House Passes Bill To Crack Down On K Street 'Scofflaws'

House Passes Bill To Crack Down On K Street 'Scofflaws'

The House unanimously passed a bill this week to create a task force within the Justice Department to crack down on lobbyists who flake on disclosure laws.

"We wanted to put some teeth behind current law because there seem to be quite a few scofflaws out there on K Street," freshman congresswoman Mary Jo Kilroy (D-Ohio), the bill's author, told HuffPost.

The Secretary of the Senate has referred 8,729 possible violations of the Lobbying Disclosure Act to the D.C. U.S. Attorney's Office since 1995; more than half of those occurred during the second half of 2009. And yet the feds have pursued only three enforcement actions in all that time and none since 2005.

Lobbyists are required to register with the Secretary of the Senate and to file quarterly reports detailing their clients, their fees, which branches of government they contacted, and which legislation they attempted to influence. If they fail to do so, the government politely asks them to fall in line. If they don't fall in line, apparently, not much happens.

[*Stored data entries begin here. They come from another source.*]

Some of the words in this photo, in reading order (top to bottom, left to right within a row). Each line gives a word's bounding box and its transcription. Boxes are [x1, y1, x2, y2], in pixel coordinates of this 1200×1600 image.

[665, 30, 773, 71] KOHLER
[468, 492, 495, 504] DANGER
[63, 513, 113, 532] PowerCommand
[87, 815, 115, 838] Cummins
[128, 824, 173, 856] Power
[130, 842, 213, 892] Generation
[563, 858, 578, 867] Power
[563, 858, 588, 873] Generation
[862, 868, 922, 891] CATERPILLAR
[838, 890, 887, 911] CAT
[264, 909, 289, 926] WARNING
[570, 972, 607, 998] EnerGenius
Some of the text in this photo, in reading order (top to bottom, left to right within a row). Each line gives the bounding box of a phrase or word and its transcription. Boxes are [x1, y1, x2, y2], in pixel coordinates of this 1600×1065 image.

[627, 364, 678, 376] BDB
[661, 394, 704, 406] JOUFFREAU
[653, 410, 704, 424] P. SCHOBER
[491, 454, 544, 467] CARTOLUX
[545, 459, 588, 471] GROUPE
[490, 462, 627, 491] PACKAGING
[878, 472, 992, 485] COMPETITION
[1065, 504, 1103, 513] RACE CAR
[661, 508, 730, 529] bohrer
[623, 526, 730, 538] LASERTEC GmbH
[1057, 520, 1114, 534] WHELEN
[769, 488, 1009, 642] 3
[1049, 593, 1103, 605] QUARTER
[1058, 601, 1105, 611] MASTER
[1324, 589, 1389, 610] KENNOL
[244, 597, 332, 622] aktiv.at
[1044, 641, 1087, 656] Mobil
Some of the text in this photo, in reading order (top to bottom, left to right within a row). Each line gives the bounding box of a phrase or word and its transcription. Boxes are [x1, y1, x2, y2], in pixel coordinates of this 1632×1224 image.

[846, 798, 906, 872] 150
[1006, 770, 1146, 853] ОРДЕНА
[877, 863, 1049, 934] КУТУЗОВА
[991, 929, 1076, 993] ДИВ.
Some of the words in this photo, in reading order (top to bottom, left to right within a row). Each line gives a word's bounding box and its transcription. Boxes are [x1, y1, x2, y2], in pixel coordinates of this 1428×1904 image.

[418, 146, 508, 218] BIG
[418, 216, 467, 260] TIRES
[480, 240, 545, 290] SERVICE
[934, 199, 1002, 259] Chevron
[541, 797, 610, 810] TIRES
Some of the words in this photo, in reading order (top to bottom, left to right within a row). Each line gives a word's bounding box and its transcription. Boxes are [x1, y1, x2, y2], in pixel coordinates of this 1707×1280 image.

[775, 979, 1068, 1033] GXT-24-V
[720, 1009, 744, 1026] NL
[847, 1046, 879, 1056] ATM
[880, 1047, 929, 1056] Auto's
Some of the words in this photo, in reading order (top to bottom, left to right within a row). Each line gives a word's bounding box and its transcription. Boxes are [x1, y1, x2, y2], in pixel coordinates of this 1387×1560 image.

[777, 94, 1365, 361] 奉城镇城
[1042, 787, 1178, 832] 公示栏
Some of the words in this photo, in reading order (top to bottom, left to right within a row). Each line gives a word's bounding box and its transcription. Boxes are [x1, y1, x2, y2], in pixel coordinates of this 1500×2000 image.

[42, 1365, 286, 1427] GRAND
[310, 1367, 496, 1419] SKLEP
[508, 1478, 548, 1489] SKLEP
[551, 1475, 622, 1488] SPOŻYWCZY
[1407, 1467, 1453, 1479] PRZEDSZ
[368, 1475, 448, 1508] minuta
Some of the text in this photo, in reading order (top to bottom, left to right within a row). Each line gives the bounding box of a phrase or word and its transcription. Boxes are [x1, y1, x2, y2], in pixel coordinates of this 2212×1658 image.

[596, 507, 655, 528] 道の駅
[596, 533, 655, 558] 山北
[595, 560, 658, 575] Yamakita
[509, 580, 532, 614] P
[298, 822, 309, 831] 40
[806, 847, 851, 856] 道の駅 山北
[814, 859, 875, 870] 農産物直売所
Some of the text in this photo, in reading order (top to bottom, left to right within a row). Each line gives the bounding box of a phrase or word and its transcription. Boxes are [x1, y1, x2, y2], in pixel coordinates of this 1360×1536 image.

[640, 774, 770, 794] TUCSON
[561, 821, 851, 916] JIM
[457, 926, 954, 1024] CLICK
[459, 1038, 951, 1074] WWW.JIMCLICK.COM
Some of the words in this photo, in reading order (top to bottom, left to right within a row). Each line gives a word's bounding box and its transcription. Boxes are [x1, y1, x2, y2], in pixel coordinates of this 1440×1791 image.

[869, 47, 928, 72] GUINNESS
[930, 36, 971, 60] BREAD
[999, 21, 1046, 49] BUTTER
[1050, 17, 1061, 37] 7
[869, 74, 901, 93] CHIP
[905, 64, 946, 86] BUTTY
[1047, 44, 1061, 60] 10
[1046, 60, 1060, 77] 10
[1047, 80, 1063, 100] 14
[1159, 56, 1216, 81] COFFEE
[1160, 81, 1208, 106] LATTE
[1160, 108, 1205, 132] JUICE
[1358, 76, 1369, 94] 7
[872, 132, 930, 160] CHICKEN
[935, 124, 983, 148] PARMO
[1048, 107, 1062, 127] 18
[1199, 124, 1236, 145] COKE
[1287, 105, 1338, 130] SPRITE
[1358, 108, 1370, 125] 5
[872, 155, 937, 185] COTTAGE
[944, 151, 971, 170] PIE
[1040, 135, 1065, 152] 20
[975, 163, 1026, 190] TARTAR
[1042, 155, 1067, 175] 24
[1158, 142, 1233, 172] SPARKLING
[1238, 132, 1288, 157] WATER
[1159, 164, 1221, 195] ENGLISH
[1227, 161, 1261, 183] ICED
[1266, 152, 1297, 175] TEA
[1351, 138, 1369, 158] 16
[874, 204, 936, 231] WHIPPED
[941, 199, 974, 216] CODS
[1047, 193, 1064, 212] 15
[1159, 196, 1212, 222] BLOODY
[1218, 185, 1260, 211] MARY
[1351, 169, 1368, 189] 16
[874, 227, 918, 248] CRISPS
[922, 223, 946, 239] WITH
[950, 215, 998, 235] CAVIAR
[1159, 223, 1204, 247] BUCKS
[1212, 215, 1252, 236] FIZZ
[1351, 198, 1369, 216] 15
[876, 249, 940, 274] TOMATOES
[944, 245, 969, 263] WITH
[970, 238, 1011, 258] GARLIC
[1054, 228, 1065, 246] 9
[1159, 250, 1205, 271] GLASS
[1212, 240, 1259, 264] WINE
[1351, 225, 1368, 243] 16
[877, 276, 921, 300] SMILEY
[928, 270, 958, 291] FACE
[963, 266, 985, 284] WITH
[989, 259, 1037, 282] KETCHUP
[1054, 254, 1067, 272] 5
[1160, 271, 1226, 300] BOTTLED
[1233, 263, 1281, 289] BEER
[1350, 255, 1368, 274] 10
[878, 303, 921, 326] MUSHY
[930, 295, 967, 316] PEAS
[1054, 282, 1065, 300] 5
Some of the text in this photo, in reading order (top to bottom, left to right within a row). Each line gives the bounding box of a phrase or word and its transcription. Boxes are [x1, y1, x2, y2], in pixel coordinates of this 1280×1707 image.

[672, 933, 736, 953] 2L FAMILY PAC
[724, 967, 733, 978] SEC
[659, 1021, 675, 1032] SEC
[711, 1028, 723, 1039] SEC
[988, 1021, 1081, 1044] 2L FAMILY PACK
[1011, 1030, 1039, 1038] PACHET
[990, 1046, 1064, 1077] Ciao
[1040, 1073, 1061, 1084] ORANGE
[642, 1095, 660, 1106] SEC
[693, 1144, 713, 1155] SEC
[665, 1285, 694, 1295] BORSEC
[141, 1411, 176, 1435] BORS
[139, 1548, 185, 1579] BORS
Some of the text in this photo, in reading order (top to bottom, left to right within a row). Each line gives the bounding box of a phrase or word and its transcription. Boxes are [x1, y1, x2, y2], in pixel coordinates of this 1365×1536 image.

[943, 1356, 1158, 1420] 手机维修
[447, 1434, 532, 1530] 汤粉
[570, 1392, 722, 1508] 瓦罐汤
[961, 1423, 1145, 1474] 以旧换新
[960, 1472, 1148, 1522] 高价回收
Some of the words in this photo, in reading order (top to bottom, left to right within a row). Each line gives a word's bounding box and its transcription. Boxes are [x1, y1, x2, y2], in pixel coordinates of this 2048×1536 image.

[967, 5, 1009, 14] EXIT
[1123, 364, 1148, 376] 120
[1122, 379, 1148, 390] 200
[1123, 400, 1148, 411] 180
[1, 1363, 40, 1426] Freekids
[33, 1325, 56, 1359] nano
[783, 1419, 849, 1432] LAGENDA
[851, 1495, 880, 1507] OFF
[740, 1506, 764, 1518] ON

Kilroy's legislation requires the Attorney General to create a task force to take over lobbyist investigations, and to collect and disseminate information about Lobbying Disclosure Act enforcement.

It's not clear if the bill would rein in the influence launderers who are widely considered lobbyists but who avoid the registration and disclosure process altogether, such as former Senate Majority Leader Tom Daschle. At the very least, however, Kilroy's measure is a step toward doing so.

"I think frankly he should register," said Kilroy of Daschle. "He should err on the side of disclosure."

Sen. Michael Bennet (D-Colo.) introduced a very tough anti-lobbyist bill that would ban former members of Congress from becoming lobbyists in the first place. Bennet, like Kilroy, is in his first term and faces a tough re-election.

Republican Steve Stivers, Kilroy's opponent, is a former bank lobbyist -- something Kilroy loves to contrast with her support for Wall Street reform. "The day the president was signing that bill [Stevers] was here in Washington having a fundraiser with the banking lobby," she said. "I thought that was really kind of ironic, there. Here I am fighting for Wall Street reform... And he shows up to collect big checks from the banking lobby."

Though Kilroy is a K Street killjoy, lobbyists will probably be OK. Take it from Tony Podesta, superlobbyist: "Whatever they're gonna do, they'll do...They can ban lobbyists from having drivers licenses. We'll all get cars and drivers."

Correction: This story originally reported that the bill would impose fines on lobbyists who fail to file timely reports. The original version would; this one won't.